Her apartment welcomed her with terra-cotta warmth, the walls she’d painted now feeling less like commitment and more like embrace. Dylan stood at her window, looking down at Main Street’s empty perfection, and let the doubts she’d been holding back flood in.
Victoria Pemberton. Even the name sounded like it belonged in a different world than Dylan Flanagan. Victoria probably had childhood photos on horses, debutante balls, the kind of education that taught you which wine went with which course. She definitely didn’t have grease permanently embedded under her fingernails or a father who’d died leaving nothing but debt and a collection of motorcycle parts.
Dylan caught her reflection in the dark window—tired eyes, hair escaping from its ponytail, the shadows of old oil stains on her jaw that never quite washed clean. She looked exactly like what she was: a mechanic who’d gotten lucky. Meanwhile, Victoria looked like what Aidan should have on his arm at charity galas and family Christmas cards.
Seven years. They’d been apart seven years, but history like that didn’t just evaporate. First loves lived in your bones, shaped the way you loved everyone who came after. And Victoria had been Aidan’s first real love—the one everyone expected him to marry, the one who’d fit into his world like she’d been custom-made for it.
What if his rejection tonight had been about pride, not preference? What if seeing Victoria again reminded him of what he’d given up, what he could have had? Beautiful, sophisticated Victoria who knew about cars and probably spoke three languages and definitely never had to google which fork to use first.
Dylan moved to her bathroom mirror, studying herself critically. She could clean up well enough—Sophie had proven that with a few shopping trips—but underneath the surface polish, she was still the girl who’d run from her father’s funeral, who’d spent thirteen years never staying anywhere long enough to matter. Victoria had roots, connections, the kind of deep belonging that Dylan was only just beginning to attempt.
Her phone sat silent on the counter. Aidan’s texts glowed on the screen, sweet and reassuring. But texts were easy. Words were easy.
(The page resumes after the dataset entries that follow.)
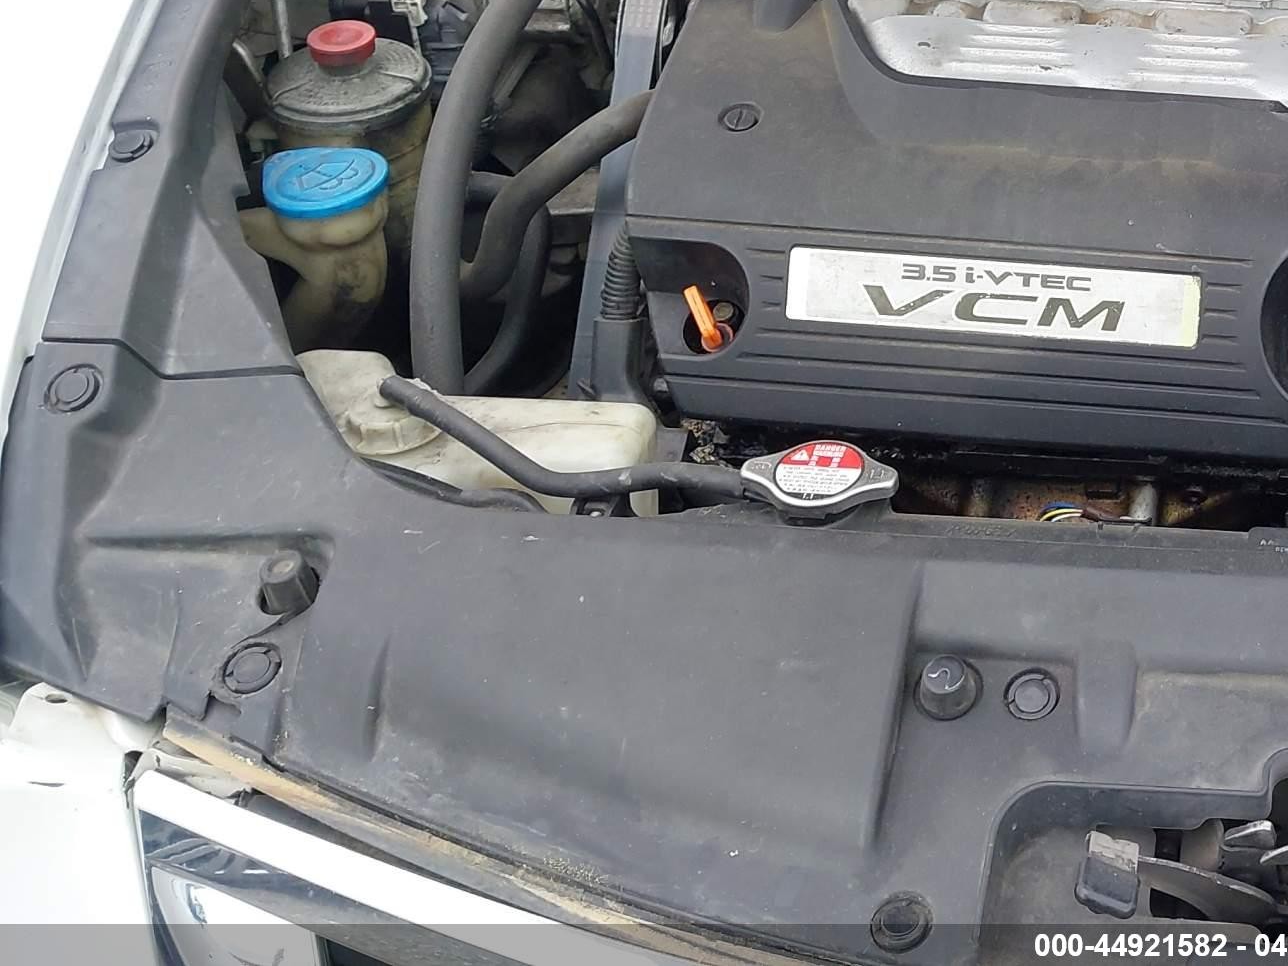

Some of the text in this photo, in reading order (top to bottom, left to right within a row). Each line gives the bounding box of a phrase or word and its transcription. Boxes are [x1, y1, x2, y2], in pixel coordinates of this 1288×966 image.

[901, 263, 1092, 292] 3.5 i-VTEC
[863, 284, 1125, 332] VCM
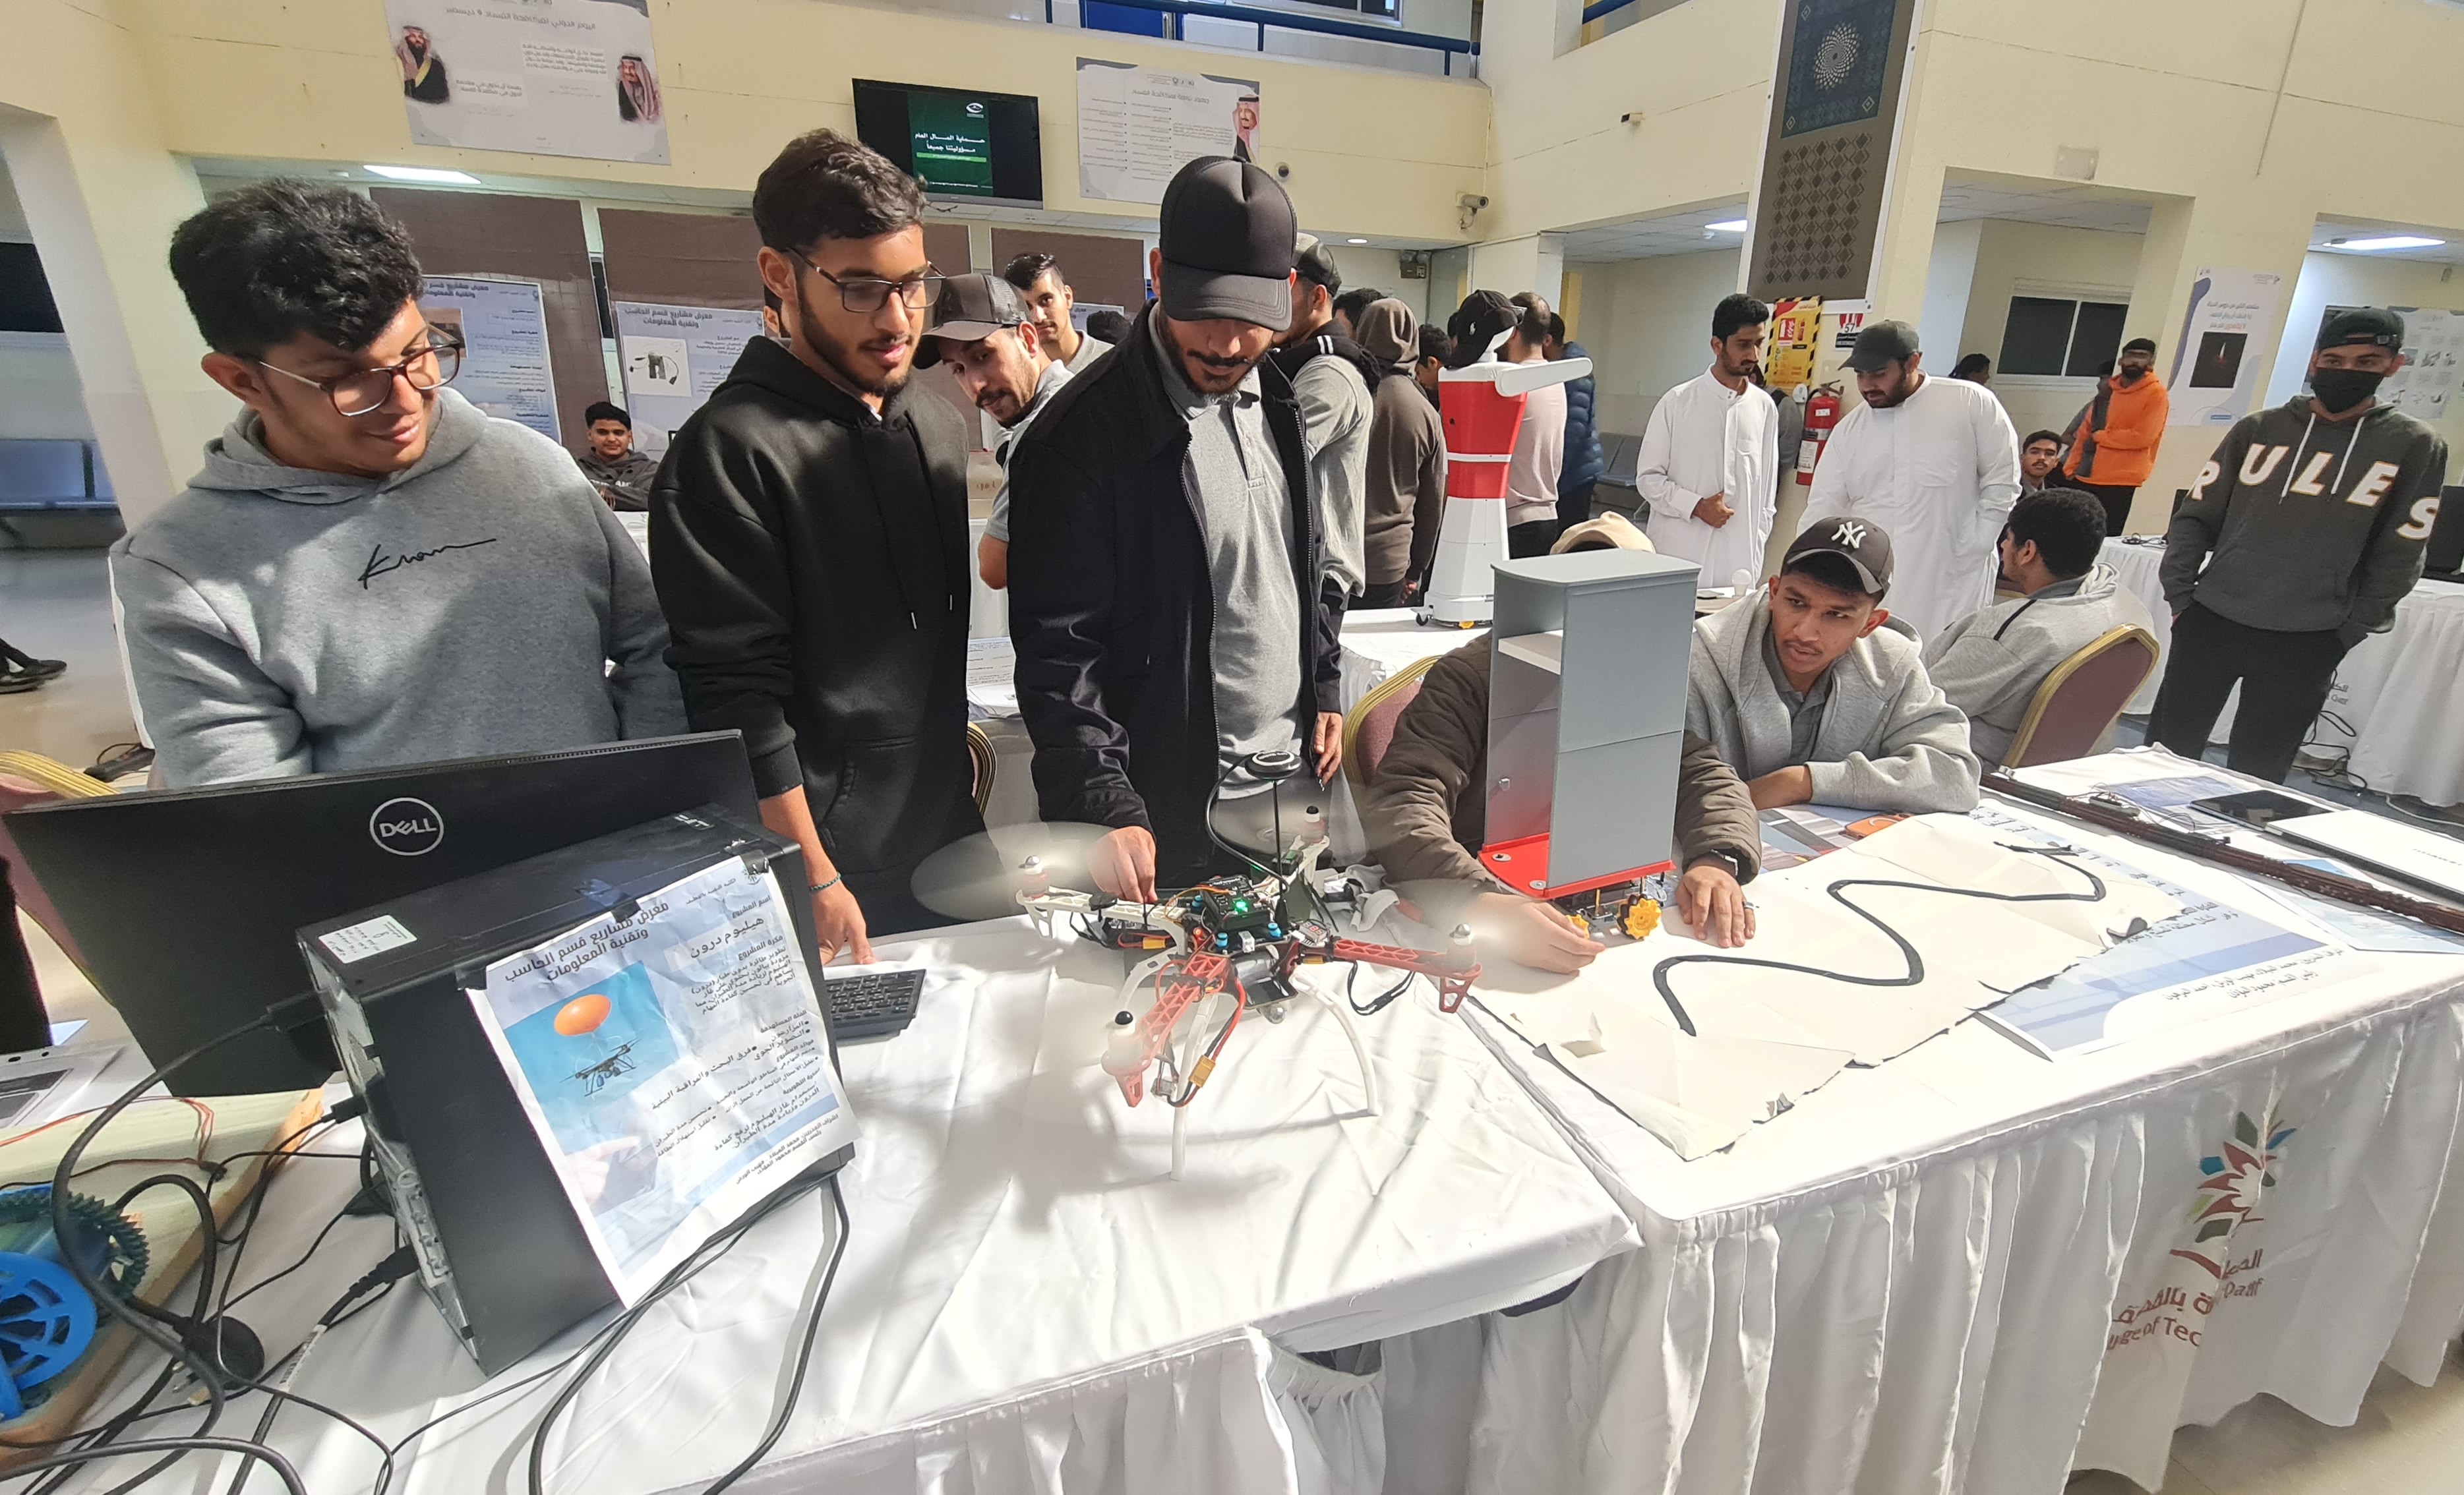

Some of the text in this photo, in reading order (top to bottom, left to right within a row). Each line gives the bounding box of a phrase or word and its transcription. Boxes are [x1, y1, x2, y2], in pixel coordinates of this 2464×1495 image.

[956, 134, 985, 143] حماية
[379, 818, 437, 838] DELL
[634, 903, 669, 925] معرض
[732, 895, 771, 919] اسم المشروع
[558, 937, 587, 962] قسم
[691, 918, 764, 958] هيليوم درون
[547, 929, 649, 982] وتقنية المعلومات
[738, 941, 766, 961] المشروع
[506, 952, 555, 981] الحاسب
Tomorrow, in daylight, when Victoria probably stopped by the garage in some perfect outfit with some perfect excuse, would Aidan still stand closer to Dylan? Or would he remember what he’d lost, what he could have again?
Dylan turned away from the mirror, unable to bear her own reflection any longer. She was building something here—a business, a life, maybe even a future with someone who made her heart race. But Victoria’s arrival felt like a reminder that some people were meant for permanent things and others were just passing through, no matter how much paint they put on the walls.
Change was coming—it always did when old lovers returned and new possibilities emerged. But standing in her painted apartment, with partnership papers on her table and Aidan’s texts on her phone, Dylan felt something she hadn’t experienced in the thirteen years since her father’s death:
Ready.
Ready for whatever Victoria’s presence might stir up. Ready for the restoration shop to open. Ready to find the next clue and the one after that. Ready to stop running from the possibility that some things—some people, some places, some feelings—might be worth the risk of staying still long enough to see what grew.
Outside, November continued its patient work of transformation, covering everything complicated with simple white, hiding all the broken places under beauty. By morning, Laurel Valley would look like a postcard, the kind people sent to prove that perfect places existed.
But Dylan knew better. She knew perfection was overrated. What mattered was the willingness to restore what was broken, to see potential in damage, to believe that with enough care and skill and patience, anything could be made beautiful again.
Even hearts that had forgotten how to trust.